Dopo una mezz’ora passata sul divano, ovviamente con i piedi appoggiati sul tavolino, mi alzai con l’idea di perlustrare la casa. Era da tanti anni che non ci entravo più. Ricordo quando George mi invitava, ed io rifiutavo sempre per non vedere suo figlio.

Pover’uomo. Che cosa poteva aver fatto per meritarsi un figlio del genere?

Mentre curiosavo in giro per casa, sgranocchiando delle patatine, trovai un piccolo barattolo marrone: ‘Rimedio naturale contro la stitichezza. I lassativi Cagabene, ti aiuteranno ad avere una vita piena di merda! Caga bene con Cagabene!’

Ma che ci faceva Harry con i lassativi? Insomma, non credo ce li avesse bisogno, lui era già una merda umana.

Non appena sentii il rumore di alcuni passi che provenivano dalla scala, lasciai perdere il barattolo dei lassativi ‘Cagabene’, e tornai in salotto, trovando Harry in piedi, di nuovo tutto sudato, che mi guardava.

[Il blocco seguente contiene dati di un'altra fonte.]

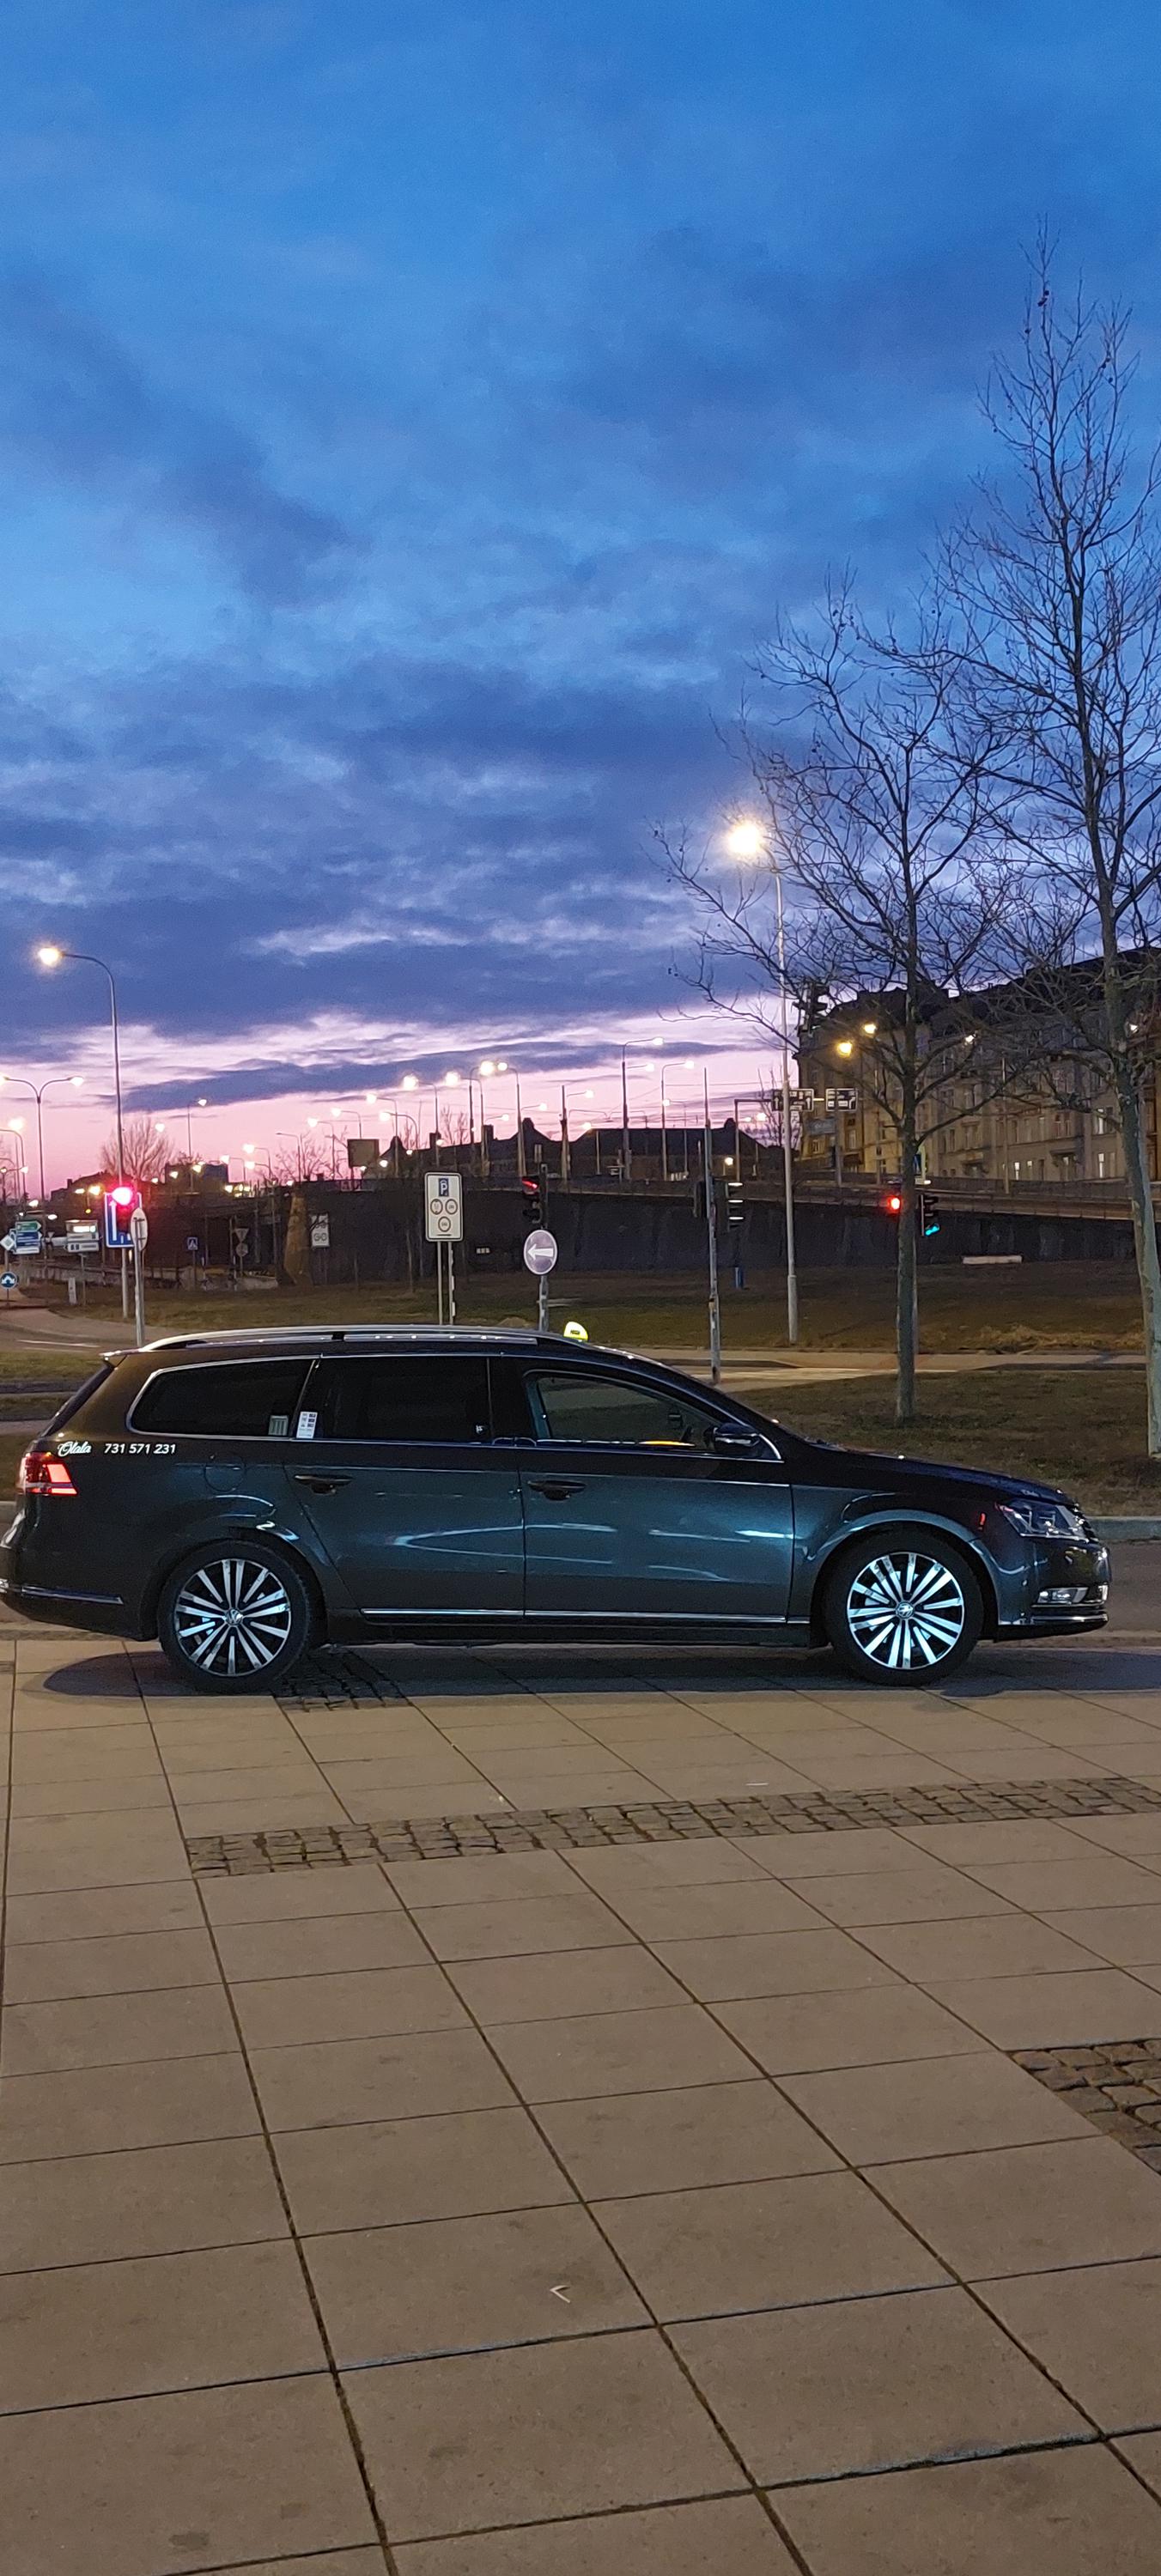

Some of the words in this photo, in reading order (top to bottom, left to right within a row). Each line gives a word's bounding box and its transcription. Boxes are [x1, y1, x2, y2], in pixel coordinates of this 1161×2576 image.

Neanche il tempo di parlare che mi scappò uno starnuto da record, tanto che dovetti prendere un fazzoletto e soffiarmi il naso.

Harry sbarrò gli occhi: «Ti avevo detto di non starnutire e di non soffiare il naso!»

Ghignai: «Se è per questo, mi avevi anche detto di non sedermi sul divano, di non appoggiare i piedi sul tavolino e di non toccare cibo.»

Si sedette sul divano e si massaggiò le tempie: «Stai calmo Harold, stai calmo.»

«Ma che stai cal…Harold?»

Alzò lo sguardo sbarrando gli occhi: «Cosa?»

«Hai detto Harold?»

Rise nervosamente: «Harold? Ma che minchia dici?»

«Tu hai detto Harold.»

«Tu ti fai troppe canne.»

«Tu hai detto Harold.»

«Tu ti fai troppe canne.»

«Tu hai detto Harold.»

«Tu ti fai trop… - sospirò - Non ho detto Harold.»

«Si.»

«No.»

«Si.»

«No.»

«Si.»

«E va bene, basta! Ho detto Harold, sei contenta? Io mi chiamo Harold. Harold Edward Styles.»

Mi guardava.

Lo guardavo.

«Seriamente?»

«Si.»

Mi guardava.

Lo guardavo.

Scoppiai a ridere come una cogliona tenendomi la pancia con una mano. Maddai Harold? Ma a che cazzo stava pensando George quando stava ingravidando la madre di Harry?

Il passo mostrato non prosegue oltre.